The fold patterns I attempted from a textbook ranged from simple to puzzling. I had no idea how any of this can be applied to my next packaging project. Nonetheless, the tactile fun I had that day made for one of the most memorable study sessions of my university career.

Fast forward to 2023: I pass by the forgotten magazine aisle at a Toronto Public library when a single National Geographic issue catches my eye. An unfurling orange apparatus adorns the cover, titled The Future is Folded. I instinctively flip to the feature story, hungry to learn more. What I found was a thrilling re-ignition of a spark from that January afternoon.

One of my biggest pain points in university was the near-impossibility of enrolling in substantial courses outside of my design field. There were designated honours electives, yes, but those were custom-built for my ‘non-technical’ major and limited in depth and scope. The subjects I really wanted to learn, which mattered a lot for good design — psychology & cognitive science, neuroscience, computer science, linguistics — were for various reasons systematically restricted to non-majors.

History and intuition tells me that the best ideas come from wandering outside one’s supposed domain. A majority of humanity’s luminaries—Leonardo Da Vinci, Benjamin Franklin, Hedy Lamarr, Maya Angelo, Steve Jobs, to name a few—were polymaths or ‘Renaissance Souls’ whose cross-disciplinary passions combined into game-changing pursuits.

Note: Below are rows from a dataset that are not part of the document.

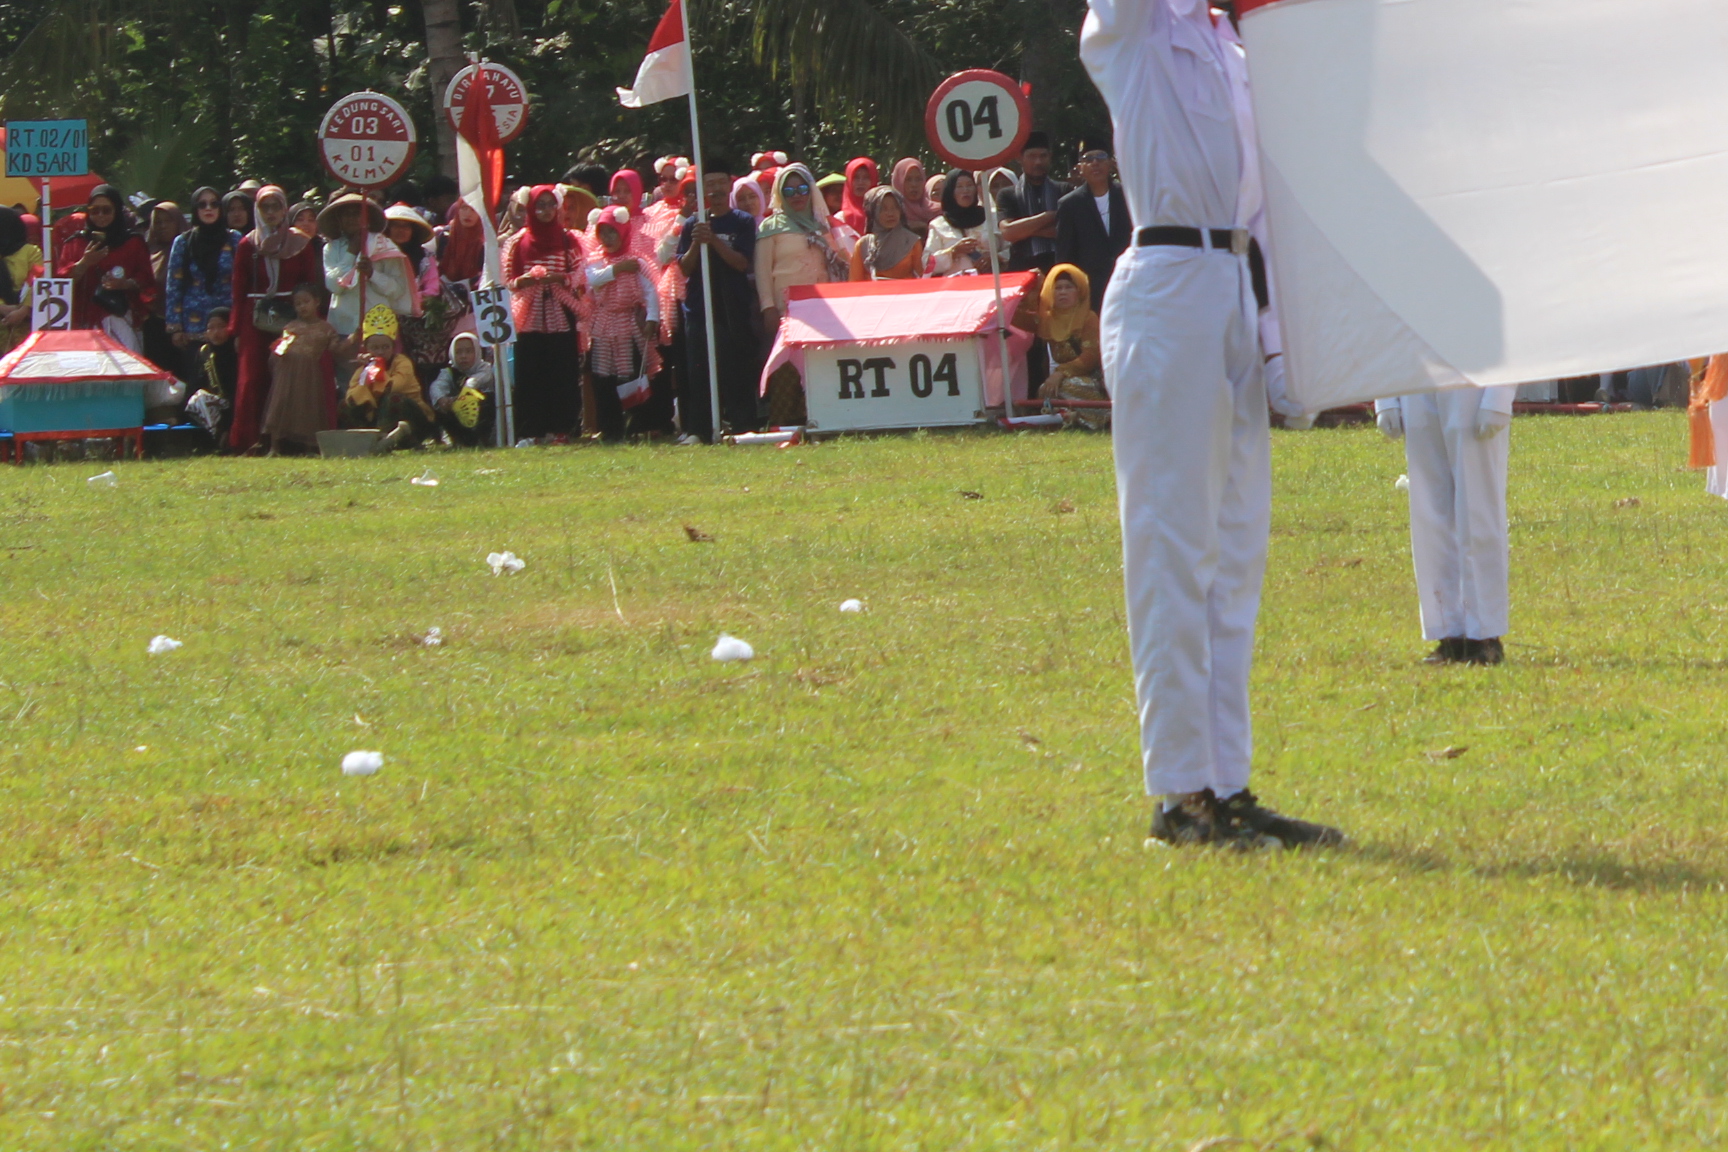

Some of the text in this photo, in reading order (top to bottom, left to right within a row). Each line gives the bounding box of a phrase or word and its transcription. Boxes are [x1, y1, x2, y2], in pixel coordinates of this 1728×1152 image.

[453, 71, 520, 101] DIRAHAYU
[351, 116, 379, 135] 03
[945, 95, 1003, 143] 04
[332, 154, 395, 179] KALMIT
[350, 145, 375, 162] 01
[37, 281, 70, 296] RT
[474, 286, 506, 306] RT
[38, 297, 70, 331] 2
[480, 305, 512, 344] 3
[836, 352, 961, 400] RT 04
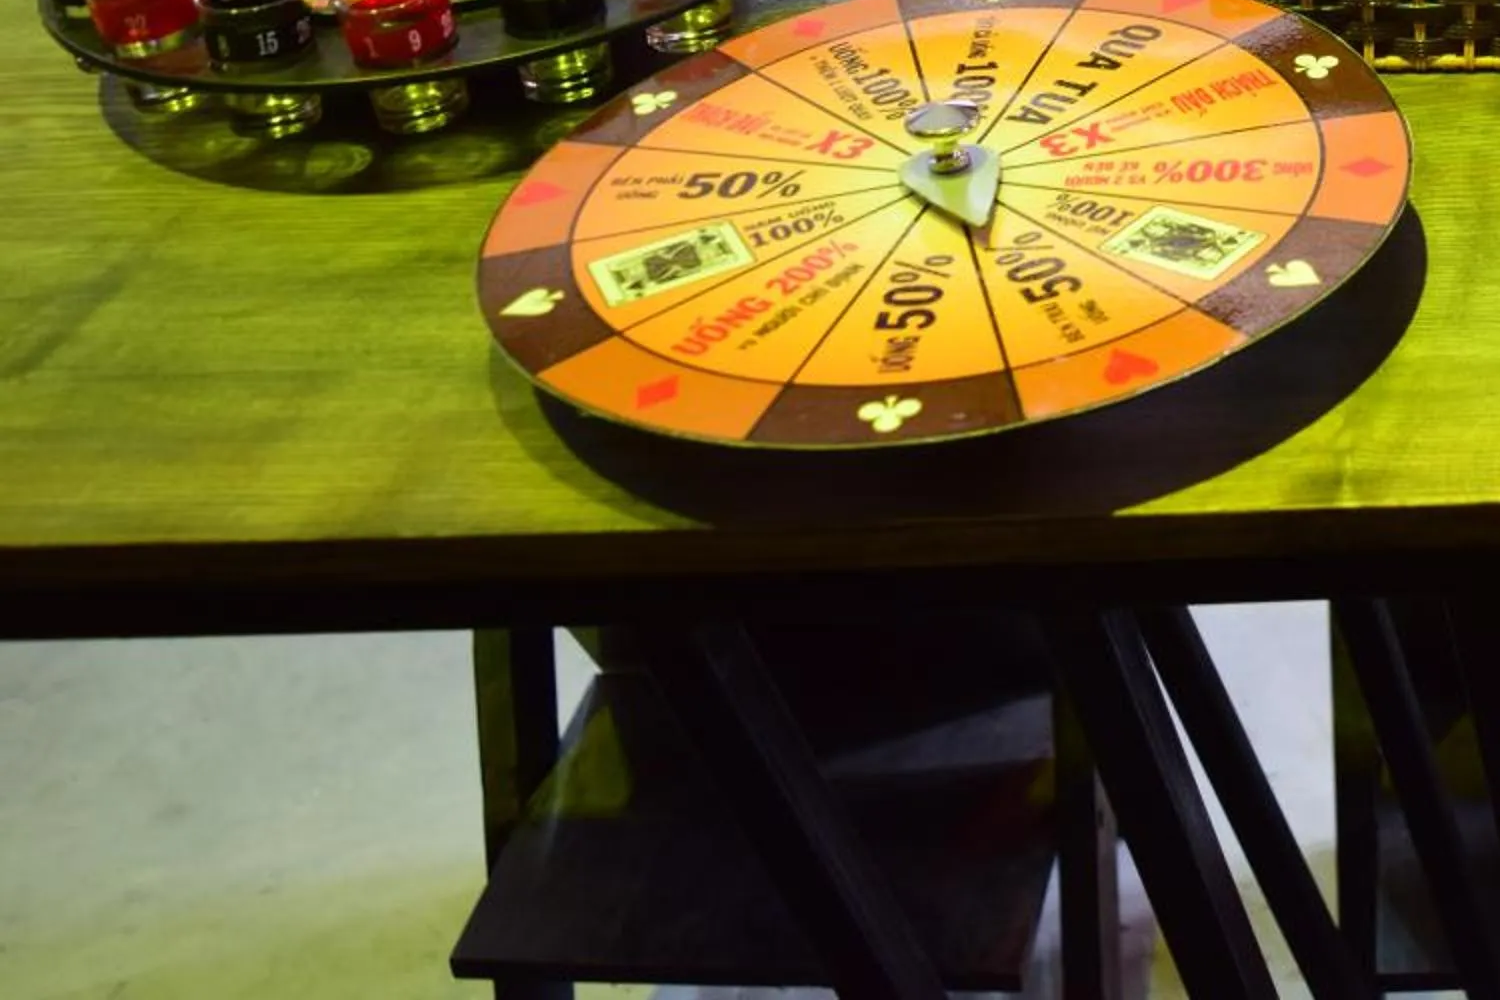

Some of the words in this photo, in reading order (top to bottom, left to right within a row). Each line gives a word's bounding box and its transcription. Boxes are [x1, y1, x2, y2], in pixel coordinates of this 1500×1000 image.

[255, 31, 279, 56] 15
[408, 28, 422, 52] 9
[1077, 24, 1163, 71] QUA
[854, 68, 926, 120] 100%
[949, 61, 998, 106] 100
[1006, 79, 1097, 125] TUA
[805, 130, 879, 160] X3
[1037, 122, 1115, 158] X3
[679, 170, 803, 198] 50%
[1153, 160, 1265, 183] 300%
[1052, 193, 1133, 226] 100%
[749, 210, 844, 247] 100%
[984, 232, 1082, 304] 50%
[669, 296, 771, 355] UỐNG
[763, 242, 856, 295] 200%
[875, 255, 952, 330] 50%

Each of these individuals were actively engaged in some form of art, and unsurprisingly so; there is much wisdom and inspiration to be found in the arts for the sciences, and vice versa. Allow me to use origami as an example, and take you on a brief rabbit hole through its past, present and future.

Comprised of the words oru (to fold) and kami (paper), origami (aka orikata) is known today as the art of recreational paper folding. A mathematical and metamorphic art, origami embodies the Japanese concept of shibui (understated beauty) and reveals the immense creative potential of a simple sheet of paper.

A brief history of origami*

*Note: This is an attempt to highlight origami history based on my personal research; it is in no way comprehensive. Please contact me about any significant errors or omissions.

Origami’s roots can be traced to a time before paper, with cloth and leather folding practices around the world. After paper-making was introduced to Japan around the sixth century, the Japanese were considered the first to popularize paper folding as an artistic medium. Paper folding began in Shinto rituals as shide (sacred streamers) and was later stylized as ceremonial decor (girei origami) for weddings and gifts by the Imperial court of the Heian period. Ceremonial origami was established as etiquette by the upper samurai class of the Muromachi period, and can still be found in Japan today.

A flatlay of modern origami table decoration, reminiscent of the ceremonial etiquette of the Muromachi upper samurai class. — Modern orikata, echoing the ceremonial etiquette of the Muromachi upper samurai class. (Source: Kagamiru)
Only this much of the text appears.